My experience 😑

High cost work with little to no accountability.

You can count on them doubling the estimate every single time, and you have to keep on them just to make sure the work gets done.

Just had one set of subcontractors throw away material for other fixes… Lead group days that the ones involved are no longer a part of the project, so we’re on the hook for even more.

Thinking back, i have always been unhappy with the work done by a contractor. I’m not asking for much, painters paint an area, plumbers stop leaks, drywall dudes fix the water damage… And the job is always left with areas unpainted, pipes not connected, and holes in the drywall that were not there before.

Have you ever been happy with a contractors work? What did they do for you?

  • Canonical_Warlock@lemmy.dbzer0.com
    link
    fedilink
    English
    arrow-up
    0
    ·
    1 month ago

    As a contractor it really depends on how much you’re paying. Yes even a cheap contractor is expensive as hell but you really do get what you pay for.

    We are basically the most expensive local option available for our trade so reasonably we get customers that leave and go with cheaper contractors all the time. They almost always come back to us. We regularly get called out to fix the issues caused by other budget outfits. Just last year one of our customers had one of our competitors install 5 brand new rooftop airhandlers for their grocery store. The airhandlers never worked after being installed and that contractor sent people back out 5 times to try and fix them with no success. The customer then called us out at which point one of our techs immediately found that the other company never moved the built in smoke detectors in the airhandlers out of the shipping position.

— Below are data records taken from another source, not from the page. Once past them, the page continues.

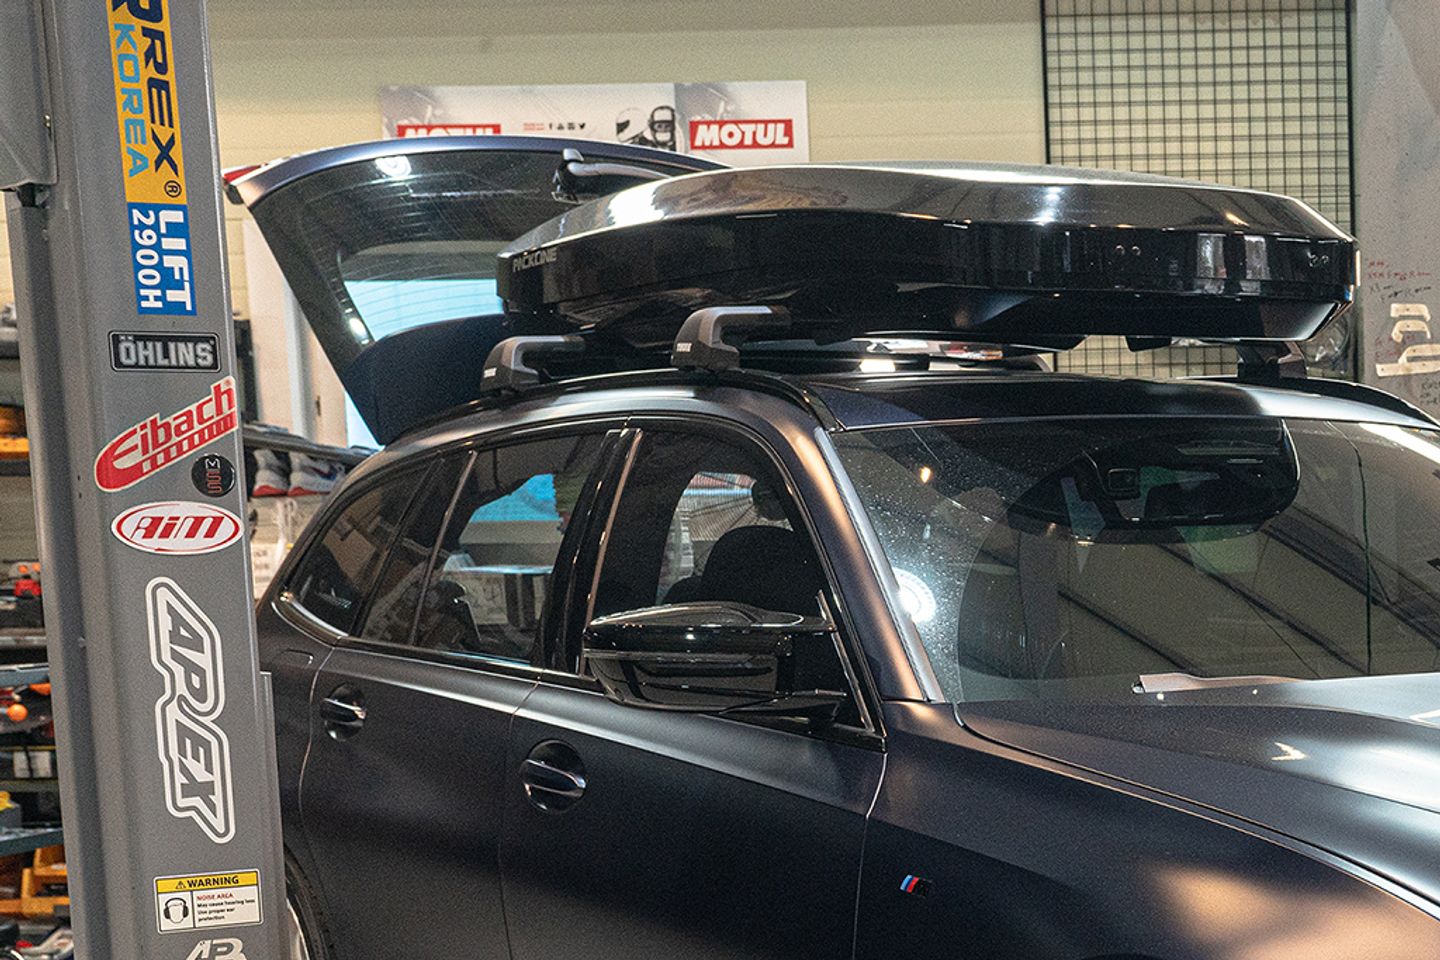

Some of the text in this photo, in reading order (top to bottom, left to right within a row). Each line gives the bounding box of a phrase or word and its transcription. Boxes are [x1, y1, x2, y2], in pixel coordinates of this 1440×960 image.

[113, 23, 149, 178] KOREA
[694, 123, 791, 147] MOTUL
[132, 208, 163, 310] 2900H
[158, 209, 192, 311] LIFT
[118, 335, 214, 367] ÖHLINS
[96, 383, 236, 490] Eibach
[155, 585, 227, 834] APEX
[187, 875, 239, 888] WARNING

Within less than an hour the problem was resolved and all 5 airhandlers were running perfectly.

    The trades are incredibly short on workers right now so the tradesmen who are good at their jobs tend to get snapped up by the highest paying companies who just so happen to also be the more expensive ones. That leaves the budget outfits with the workers who tend to be less experienced/adept.

  • jordanlund@lemmy.world
    link
    fedilink
    arrow-up
    0
    ·
    1 month ago

    Following my wife’s leg amputation in February, we had to have a BUNCH of work done before the hospital would let me bring her home.

    Bonus, I had to arrange for ALL of this between getting a cancer diagnosis and having surgery.

    1. Wheelchair ramp. Approved the bid on a Friday, ramp was installed the next Monday. All told, stellar work. Post install, needed one modification to keep from being fenced out of part of the property, they took care of that too.

    Problem was their BILLING department. I paid 1/2 up front to get the job started, 1/2 on completion, but they failed to track the down and kept insisting I owed $5,900 that I did not. I kept the receipts and showed them, no, paid in full.

    1. Bathroom. This was actually TWO contractors. #1 pulled the bathtub and converted it to a walk in shower. #2 widened the bathroom door for wheelchair access, shortened a wall that was blocking access, pulled the double sink and vanity to install a smaller single sink, and all that required pulling and replacing the floor.

    Everything went as expected. The only problem was they said not to use the shower for 24 hours and when I went to use it, they had forgotten to turn the water back on. 😔 They did come back and fix it the next morning.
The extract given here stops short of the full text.